* **Work instruction**
From the first line to the last, please write out the data exactly.

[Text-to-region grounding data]

┏━━

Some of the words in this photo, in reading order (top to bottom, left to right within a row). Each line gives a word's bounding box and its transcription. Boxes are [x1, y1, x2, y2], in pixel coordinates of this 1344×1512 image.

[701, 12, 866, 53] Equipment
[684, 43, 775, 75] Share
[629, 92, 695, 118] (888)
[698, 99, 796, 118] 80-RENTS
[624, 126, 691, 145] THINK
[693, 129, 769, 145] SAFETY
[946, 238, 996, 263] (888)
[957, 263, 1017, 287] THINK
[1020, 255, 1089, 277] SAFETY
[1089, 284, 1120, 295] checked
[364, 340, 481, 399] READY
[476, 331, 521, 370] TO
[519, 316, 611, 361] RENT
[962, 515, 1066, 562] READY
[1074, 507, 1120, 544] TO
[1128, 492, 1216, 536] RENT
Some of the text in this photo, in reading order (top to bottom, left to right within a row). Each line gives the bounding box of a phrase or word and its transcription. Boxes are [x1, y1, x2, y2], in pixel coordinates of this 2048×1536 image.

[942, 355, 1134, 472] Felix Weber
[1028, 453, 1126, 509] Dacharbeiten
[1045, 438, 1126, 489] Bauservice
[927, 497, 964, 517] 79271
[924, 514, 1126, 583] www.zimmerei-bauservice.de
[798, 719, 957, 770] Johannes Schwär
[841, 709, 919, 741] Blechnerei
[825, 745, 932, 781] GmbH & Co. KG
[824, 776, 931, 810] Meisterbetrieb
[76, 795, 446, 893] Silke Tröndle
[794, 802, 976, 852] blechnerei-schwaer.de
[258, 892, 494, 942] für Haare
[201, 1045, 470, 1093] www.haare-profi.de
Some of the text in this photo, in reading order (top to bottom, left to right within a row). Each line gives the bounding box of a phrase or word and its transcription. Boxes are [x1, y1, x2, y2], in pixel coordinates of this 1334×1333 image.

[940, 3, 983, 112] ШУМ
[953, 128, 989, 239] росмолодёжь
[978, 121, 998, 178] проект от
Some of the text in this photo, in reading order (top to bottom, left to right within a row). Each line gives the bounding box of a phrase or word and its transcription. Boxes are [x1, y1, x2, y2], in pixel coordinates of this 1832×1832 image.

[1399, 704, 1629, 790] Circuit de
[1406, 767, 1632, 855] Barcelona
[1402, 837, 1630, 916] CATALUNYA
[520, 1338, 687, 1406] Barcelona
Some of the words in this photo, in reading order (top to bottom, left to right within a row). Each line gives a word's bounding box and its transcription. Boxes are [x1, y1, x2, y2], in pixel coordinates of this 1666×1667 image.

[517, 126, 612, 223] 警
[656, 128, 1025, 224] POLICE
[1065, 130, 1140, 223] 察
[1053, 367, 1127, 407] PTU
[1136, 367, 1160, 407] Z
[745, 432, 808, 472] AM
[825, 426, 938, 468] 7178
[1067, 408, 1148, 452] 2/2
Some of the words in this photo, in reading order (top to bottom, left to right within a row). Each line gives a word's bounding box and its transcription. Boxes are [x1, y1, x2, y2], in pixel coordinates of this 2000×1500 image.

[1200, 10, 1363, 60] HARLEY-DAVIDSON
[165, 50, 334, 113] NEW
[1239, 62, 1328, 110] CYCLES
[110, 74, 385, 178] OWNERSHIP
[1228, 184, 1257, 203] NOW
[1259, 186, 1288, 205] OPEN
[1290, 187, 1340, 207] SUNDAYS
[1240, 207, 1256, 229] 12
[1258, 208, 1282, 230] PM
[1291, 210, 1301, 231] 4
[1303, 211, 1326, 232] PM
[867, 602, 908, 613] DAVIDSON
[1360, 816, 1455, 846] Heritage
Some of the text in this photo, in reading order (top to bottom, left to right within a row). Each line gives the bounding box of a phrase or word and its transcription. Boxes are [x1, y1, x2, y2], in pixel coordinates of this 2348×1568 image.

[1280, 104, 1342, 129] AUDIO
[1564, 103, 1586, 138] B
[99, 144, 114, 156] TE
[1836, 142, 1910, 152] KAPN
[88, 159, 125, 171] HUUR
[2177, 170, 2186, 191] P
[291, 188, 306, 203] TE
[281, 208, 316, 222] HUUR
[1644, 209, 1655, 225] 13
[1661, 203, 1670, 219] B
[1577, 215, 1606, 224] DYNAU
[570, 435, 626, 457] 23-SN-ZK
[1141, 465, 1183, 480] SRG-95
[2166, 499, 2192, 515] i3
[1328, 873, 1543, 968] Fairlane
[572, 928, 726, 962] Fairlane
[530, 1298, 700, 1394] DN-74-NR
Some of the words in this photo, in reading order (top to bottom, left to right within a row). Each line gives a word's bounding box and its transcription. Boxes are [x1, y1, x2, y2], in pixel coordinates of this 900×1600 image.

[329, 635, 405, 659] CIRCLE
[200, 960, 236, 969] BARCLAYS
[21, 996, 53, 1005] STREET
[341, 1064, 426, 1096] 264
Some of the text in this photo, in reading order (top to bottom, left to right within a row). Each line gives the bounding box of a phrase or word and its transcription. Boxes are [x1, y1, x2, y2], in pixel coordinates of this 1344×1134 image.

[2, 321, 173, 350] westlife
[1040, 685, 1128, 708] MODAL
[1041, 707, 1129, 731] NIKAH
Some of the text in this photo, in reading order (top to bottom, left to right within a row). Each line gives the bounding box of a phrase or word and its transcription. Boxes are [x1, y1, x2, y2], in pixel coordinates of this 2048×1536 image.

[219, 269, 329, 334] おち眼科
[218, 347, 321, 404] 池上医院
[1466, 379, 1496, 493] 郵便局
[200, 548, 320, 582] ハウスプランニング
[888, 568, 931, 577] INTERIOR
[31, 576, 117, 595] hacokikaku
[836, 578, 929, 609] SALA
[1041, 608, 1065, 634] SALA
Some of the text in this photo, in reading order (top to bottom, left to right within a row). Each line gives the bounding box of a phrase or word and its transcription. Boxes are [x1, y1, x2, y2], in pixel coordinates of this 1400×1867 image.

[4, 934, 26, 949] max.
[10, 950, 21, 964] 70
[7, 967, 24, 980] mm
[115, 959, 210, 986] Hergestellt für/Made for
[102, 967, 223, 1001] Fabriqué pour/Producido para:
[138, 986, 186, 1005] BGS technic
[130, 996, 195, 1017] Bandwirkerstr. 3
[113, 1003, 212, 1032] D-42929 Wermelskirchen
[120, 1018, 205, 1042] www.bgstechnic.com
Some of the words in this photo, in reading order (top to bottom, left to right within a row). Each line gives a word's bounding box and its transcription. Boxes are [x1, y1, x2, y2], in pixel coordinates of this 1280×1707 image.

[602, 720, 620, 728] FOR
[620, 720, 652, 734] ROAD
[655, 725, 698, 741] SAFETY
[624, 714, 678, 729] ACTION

┗━━

* **Expected answer**
Some of the words in this photo, in reading order (top to bottom, left to right within a row). Each line gives a word's bounding box and its transcription. Boxes are [x1, y1, x2, y2], in pixel coordinates of this 1344×1512 image.

[701, 12, 866, 53] Equipment
[684, 43, 775, 75] Share
[629, 92, 695, 118] (888)
[698, 99, 796, 118] 80-RENTS
[624, 126, 691, 145] THINK
[693, 129, 769, 145] SAFETY
[946, 238, 996, 263] (888)
[957, 263, 1017, 287] THINK
[1020, 255, 1089, 277] SAFETY
[1089, 284, 1120, 295] checked
[364, 340, 481, 399] READY
[476, 331, 521, 370] TO
[519, 316, 611, 361] RENT
[962, 515, 1066, 562] READY
[1074, 507, 1120, 544] TO
[1128, 492, 1216, 536] RENT
Some of the text in this photo, in reading order (top to bottom, left to right within a row). Each line gives the bounding box of a phrase or word and its transcription. Boxes are [x1, y1, x2, y2], in pixel coordinates of this 2048×1536 image.

[942, 355, 1134, 472] Felix Weber
[1028, 453, 1126, 509] Dacharbeiten
[1045, 438, 1126, 489] Bauservice
[927, 497, 964, 517] 79271
[924, 514, 1126, 583] www.zimmerei-bauservice.de
[798, 719, 957, 770] Johannes Schwär
[841, 709, 919, 741] Blechnerei
[825, 745, 932, 781] GmbH & Co. KG
[824, 776, 931, 810] Meisterbetrieb
[76, 795, 446, 893] Silke Tröndle
[794, 802, 976, 852] blechnerei-schwaer.de
[258, 892, 494, 942] für Haare
[201, 1045, 470, 1093] www.haare-profi.de
Some of the text in this photo, in reading order (top to bottom, left to right within a row). Each line gives the bounding box of a phrase or word and its transcription. Boxes are [x1, y1, x2, y2], in pixel coordinates of this 1334×1333 image.

[940, 3, 983, 112] ШУМ
[953, 128, 989, 239] росмолодёжь
[978, 121, 998, 178] проект от
Some of the text in this photo, in reading order (top to bottom, left to right within a row). Each line gives the bounding box of a phrase or word and its transcription. Boxes are [x1, y1, x2, y2], in pixel coordinates of this 1832×1832 image.

[1399, 704, 1629, 790] Circuit de
[1406, 767, 1632, 855] Barcelona
[1402, 837, 1630, 916] CATALUNYA
[520, 1338, 687, 1406] Barcelona
Some of the words in this photo, in reading order (top to bottom, left to right within a row). Each line gives a word's bounding box and its transcription. Boxes are [x1, y1, x2, y2], in pixel coordinates of this 1666×1667 image.

[517, 126, 612, 223] 警
[656, 128, 1025, 224] POLICE
[1065, 130, 1140, 223] 察
[1053, 367, 1127, 407] PTU
[1136, 367, 1160, 407] Z
[745, 432, 808, 472] AM
[825, 426, 938, 468] 7178
[1067, 408, 1148, 452] 2/2
Some of the words in this photo, in reading order (top to bottom, left to right within a row). Each line gives a word's bounding box and its transcription. Boxes are [x1, y1, x2, y2], in pixel coordinates of this 2000×1500 image.

[1200, 10, 1363, 60] HARLEY-DAVIDSON
[165, 50, 334, 113] NEW
[1239, 62, 1328, 110] CYCLES
[110, 74, 385, 178] OWNERSHIP
[1228, 184, 1257, 203] NOW
[1259, 186, 1288, 205] OPEN
[1290, 187, 1340, 207] SUNDAYS
[1240, 207, 1256, 229] 12
[1258, 208, 1282, 230] PM
[1291, 210, 1301, 231] 4
[1303, 211, 1326, 232] PM
[867, 602, 908, 613] DAVIDSON
[1360, 816, 1455, 846] Heritage
Some of the text in this photo, in reading order (top to bottom, left to right within a row). Each line gives the bounding box of a phrase or word and its transcription. Boxes are [x1, y1, x2, y2], in pixel coordinates of this 2348×1568 image.

[1280, 104, 1342, 129] AUDIO
[1564, 103, 1586, 138] B
[99, 144, 114, 156] TE
[1836, 142, 1910, 152] KAPN
[88, 159, 125, 171] HUUR
[2177, 170, 2186, 191] P
[291, 188, 306, 203] TE
[281, 208, 316, 222] HUUR
[1644, 209, 1655, 225] 13
[1661, 203, 1670, 219] B
[1577, 215, 1606, 224] DYNAU
[570, 435, 626, 457] 23-SN-ZK
[1141, 465, 1183, 480] SRG-95
[2166, 499, 2192, 515] i3
[1328, 873, 1543, 968] Fairlane
[572, 928, 726, 962] Fairlane
[530, 1298, 700, 1394] DN-74-NR
Some of the words in this photo, in reading order (top to bottom, left to right within a row). Each line gives a word's bounding box and its transcription. Boxes are [x1, y1, x2, y2], in pixel coordinates of this 900×1600 image.

[329, 635, 405, 659] CIRCLE
[200, 960, 236, 969] BARCLAYS
[21, 996, 53, 1005] STREET
[341, 1064, 426, 1096] 264
Some of the text in this photo, in reading order (top to bottom, left to right within a row). Each line gives the bounding box of a phrase or word and its transcription. Boxes are [x1, y1, x2, y2], in pixel coordinates of this 1344×1134 image.

[2, 321, 173, 350] westlife
[1040, 685, 1128, 708] MODAL
[1041, 707, 1129, 731] NIKAH
Some of the text in this photo, in reading order (top to bottom, left to right within a row). Each line gives the bounding box of a phrase or word and its transcription. Boxes are [x1, y1, x2, y2], in pixel coordinates of this 2048×1536 image.

[219, 269, 329, 334] おち眼科
[218, 347, 321, 404] 池上医院
[1466, 379, 1496, 493] 郵便局
[200, 548, 320, 582] ハウスプランニング
[888, 568, 931, 577] INTERIOR
[31, 576, 117, 595] hacokikaku
[836, 578, 929, 609] SALA
[1041, 608, 1065, 634] SALA
Some of the text in this photo, in reading order (top to bottom, left to right within a row). Each line gives the bounding box of a phrase or word and its transcription. Boxes are [x1, y1, x2, y2], in pixel coordinates of this 1400×1867 image.

[4, 934, 26, 949] max.
[10, 950, 21, 964] 70
[7, 967, 24, 980] mm
[115, 959, 210, 986] Hergestellt für/Made for
[102, 967, 223, 1001] Fabriqué pour/Producido para:
[138, 986, 186, 1005] BGS technic
[130, 996, 195, 1017] Bandwirkerstr. 3
[113, 1003, 212, 1032] D-42929 Wermelskirchen
[120, 1018, 205, 1042] www.bgstechnic.com
Some of the words in this photo, in reading order (top to bottom, left to right within a row). Each line gives a word's bounding box and its transcription. Boxes are [x1, y1, x2, y2], in pixel coordinates of this 1280×1707 image.

[602, 720, 620, 728] FOR
[620, 720, 652, 734] ROAD
[655, 725, 698, 741] SAFETY
[624, 714, 678, 729] ACTION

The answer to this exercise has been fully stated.